### [Task requirements]
Your task is to return all of the entries below exactly, leaving out each picture.

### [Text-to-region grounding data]
= = = = = = =

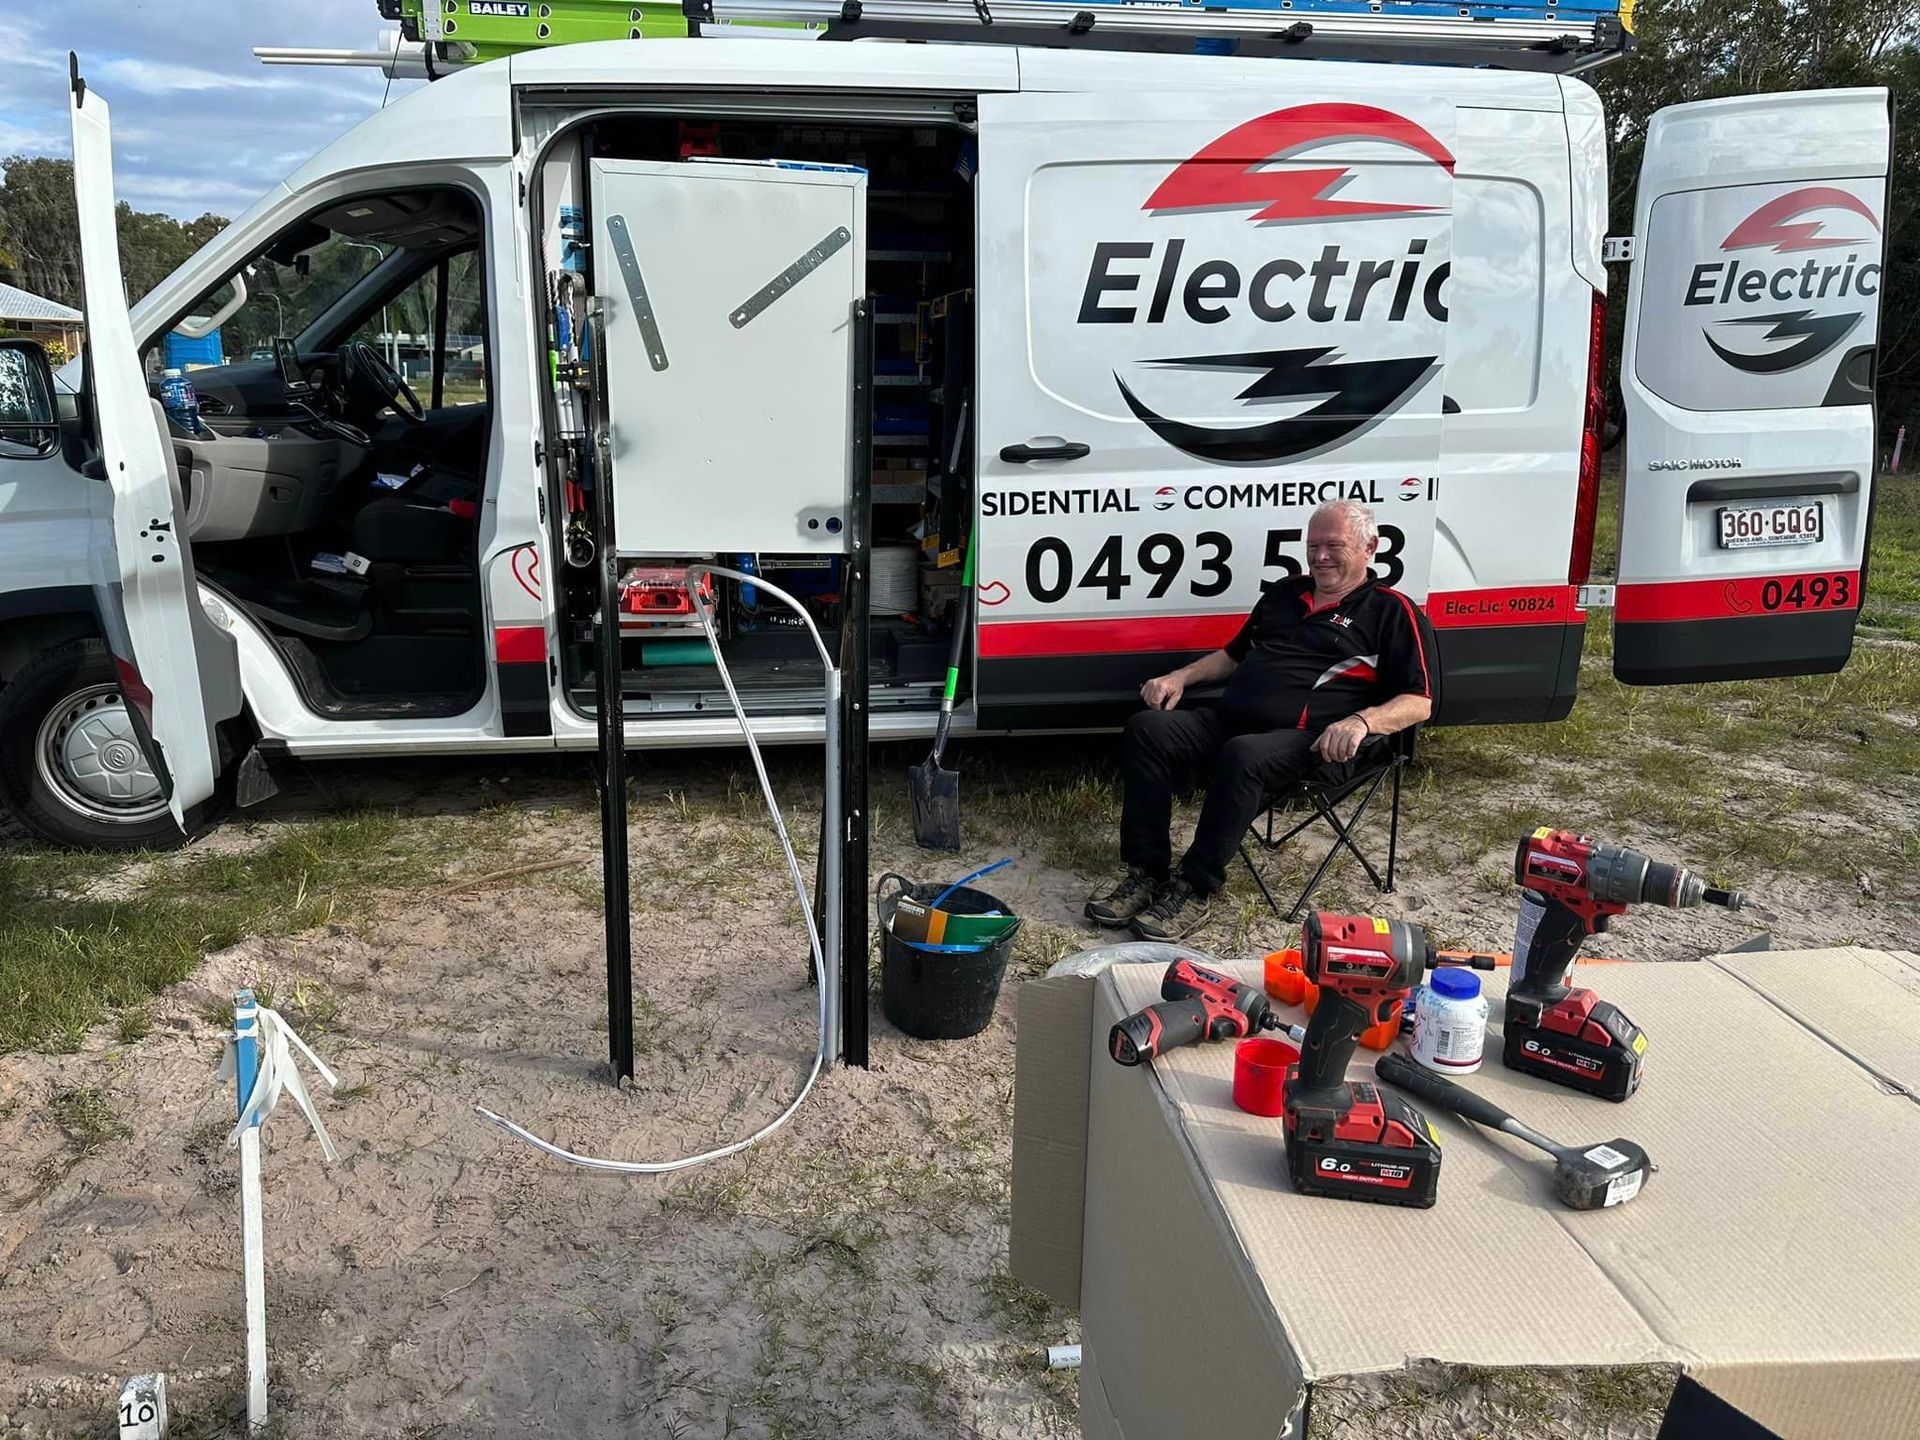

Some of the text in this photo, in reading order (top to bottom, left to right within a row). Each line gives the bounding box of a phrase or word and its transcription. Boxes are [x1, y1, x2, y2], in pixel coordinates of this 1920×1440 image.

[470, 2, 527, 16] BAILEY
[1684, 254, 1881, 306] Electric
[1647, 457, 1742, 472] SAIC MOTOR
[981, 488, 1141, 516] SIDENTIAL
[1183, 479, 1385, 511] COMMERCIAL
[1025, 530, 1233, 603] 0493
[1761, 575, 1849, 610] 0493
[1445, 600, 1475, 614] Elec
[1508, 597, 1555, 611] 90824
[1525, 1040, 1551, 1056] 6.0
[1320, 1157, 1351, 1172] 6.0
[121, 1402, 155, 1428] 10

= = = = = = =

### [Response area]
Some of the text in this photo, in reading order (top to bottom, left to right within a row). Each line gives the bounding box of a phrase or word and its transcription. Boxes are [x1, y1, x2, y2], in pixel coordinates of this 1920×1440 image.

[470, 2, 527, 16] BAILEY
[1684, 254, 1881, 306] Electric
[1647, 457, 1742, 472] SAIC MOTOR
[981, 488, 1141, 516] SIDENTIAL
[1183, 479, 1385, 511] COMMERCIAL
[1025, 530, 1233, 603] 0493
[1761, 575, 1849, 610] 0493
[1445, 600, 1475, 614] Elec
[1508, 597, 1555, 611] 90824
[1525, 1040, 1551, 1056] 6.0
[1320, 1157, 1351, 1172] 6.0
[121, 1402, 155, 1428] 10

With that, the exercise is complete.